It was billed as the latest episode in a wildly successful and long-running tennis show, driven by new twists in the plot and the full force of a hefty backstory. But the showdown between Rafael Nadal and Roger Federer on Thursday night in an Indian Wells quarterfinal ended up looking more like a rerun.
From the moment the first ball was hit, you had this feeling that you'd been here before. Had seen this, or something very much like it, not all that long ago. That the ending was foretold early on, and all the rest of it was -- for you -- mostly about hanging in there, idly enjoying the formidable skills on display until Nadal quietly closed the deal with a 6-4, 6-2 win.
This wasn't a rerun of Federer versus Nadal at the Wimbledon final of 2008. This was a reprisal of their 2011 semifinal match in Miami, in which a desultory and oddly distracted Federer radiated surrender as he sleepwalked through a 6-3, 6-2 loss to Nadal. Just like Thursday's clash, that one was overhyped to the extent that it made an honest man cringe.
Sure, some Federer partisans will put their disappointment down to the fact that he apparently has a sore back. But then Nadal backers can argue that Nadal has chronically bad knees and is just now beginning to round into form. Who cares? What we had here was a tennis match -- and matchup -- that poses no more intriguing questions, that has no more surprises in store.
What, did you think these two guys would go on playing 2008-level tennis forever?
Among other things, last night's match was a comment on the inevitable toll taken by age. That five-year age difference -- Federer is 31, Nadal 26 -- didn't mean very much as little as two or three years ago. But it really hurts Federer now, just as it helped him in the early stages of their rivalry, which goes back to 2004.
The match also gave us some insight into the state of Nadal's mind and game. As much as he may obsess about the reliability of his knees, the very sight of Federer across the net appeared to have a magical healing effect on those Nadal joints.

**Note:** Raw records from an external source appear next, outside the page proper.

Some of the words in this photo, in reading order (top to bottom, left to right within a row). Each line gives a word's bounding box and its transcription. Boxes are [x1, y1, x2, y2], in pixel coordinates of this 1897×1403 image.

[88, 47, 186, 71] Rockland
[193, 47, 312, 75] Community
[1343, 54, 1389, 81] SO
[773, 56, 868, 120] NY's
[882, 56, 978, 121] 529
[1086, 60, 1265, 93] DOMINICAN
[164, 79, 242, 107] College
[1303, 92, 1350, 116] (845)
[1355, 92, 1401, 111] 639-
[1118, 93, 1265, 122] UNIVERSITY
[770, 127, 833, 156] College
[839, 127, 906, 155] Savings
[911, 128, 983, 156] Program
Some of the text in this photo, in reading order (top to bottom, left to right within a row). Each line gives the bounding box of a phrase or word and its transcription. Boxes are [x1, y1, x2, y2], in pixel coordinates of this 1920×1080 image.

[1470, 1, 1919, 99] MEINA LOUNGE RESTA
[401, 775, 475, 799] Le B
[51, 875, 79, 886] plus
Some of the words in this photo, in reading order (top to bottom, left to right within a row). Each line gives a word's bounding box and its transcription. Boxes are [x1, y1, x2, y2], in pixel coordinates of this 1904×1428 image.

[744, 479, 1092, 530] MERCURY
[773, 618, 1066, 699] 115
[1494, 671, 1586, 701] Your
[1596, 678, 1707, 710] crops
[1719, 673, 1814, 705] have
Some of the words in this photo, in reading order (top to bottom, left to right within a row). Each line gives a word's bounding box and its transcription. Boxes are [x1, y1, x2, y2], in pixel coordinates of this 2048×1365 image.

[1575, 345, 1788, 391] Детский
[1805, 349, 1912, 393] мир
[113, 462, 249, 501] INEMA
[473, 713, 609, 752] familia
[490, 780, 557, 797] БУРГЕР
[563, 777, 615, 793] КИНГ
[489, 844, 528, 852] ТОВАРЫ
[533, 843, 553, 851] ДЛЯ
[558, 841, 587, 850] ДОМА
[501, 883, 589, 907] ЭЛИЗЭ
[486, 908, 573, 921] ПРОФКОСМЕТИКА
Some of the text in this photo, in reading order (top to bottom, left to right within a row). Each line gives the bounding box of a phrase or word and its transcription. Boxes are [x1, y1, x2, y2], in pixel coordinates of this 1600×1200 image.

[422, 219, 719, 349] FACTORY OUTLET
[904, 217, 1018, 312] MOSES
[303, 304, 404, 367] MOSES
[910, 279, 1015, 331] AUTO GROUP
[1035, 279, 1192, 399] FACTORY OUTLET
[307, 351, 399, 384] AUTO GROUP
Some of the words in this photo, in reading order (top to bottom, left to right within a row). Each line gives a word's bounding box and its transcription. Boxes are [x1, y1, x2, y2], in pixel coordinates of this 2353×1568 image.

Mostly, though, the message sent by Nadal's 19th win over Federer (who's won 10 in the rivalry) was that despite those sore knees, those seven months off, that drop to No. 5 in the rankings (while Federer has gamely clung to No. 2), Nadal enjoys an enormous style-based advantage in the matchup.
This is not rocket science, folks, which is why I don't really buy into the conventional wisdom that contrasting styles make for the best rivalries. Whether Sampras' serve can prove superior to Agassi's return, McEnroe's volley can trump Borg's passing shot, or Nadal's topspin forehand can break down Federer's backhand are not complicated questions, and the answers to those questions are obvious when you watch the rivals clash.
When you come right down to it, a Djokovic versus Murray or Lendl versus Wilander pairing is a much more nuanced contrast, and it's outcome is determined by more subtle -- and changeable -- elements.
As has been true for some time now, Federer's backhand is no match for Nadal's forehand. That Nadal is a lefty only adds, perhaps immeasurably, to his edge. At the most basic level, this was another of those matches decided by Nadal's ability to punish and hurt Federer in that familiar way: With a cross-court killer forehand that goes directly to Federer's versatile but not terribly threatening one-handed backhand. And so does Nadal's most comfortable serve.
Bear in mind, though, that this wasn't always the case. Early in this rivalry, Nadal wasn't nearly as confident about and reliant upon blasting apart Federer's backhand. Federer's all-around skills, and the indisputable beauty and variety of that one-handed backhand, masked his vulnerability. Who imagined you could lay low perhaps the greatest player ever in this sport by following the first commandment of parks-and-rec tennis: Hit to the backhand?
It took a few French Open meetings, where the fruits of serving the kicker and beaming the forehand at the backhand side were most obvious, for Nadal to develop his approach to Federer, and Nadal has been fine-tuning it ever since. He's got it stone-cold figured out now.
I hate to see this happening to Federer. Somehow, I think he deserves better. But the scoreboard and stat sheet don't lie. Ultimately, this match was no new episode, and if it was a rerun, it served mostly to remind us of the good old days when the outcome was less predictable, and perhaps to confirm that the rivalry no longer has the ability to excite and surprise.
Hold the hype, and say a prayer for Federer.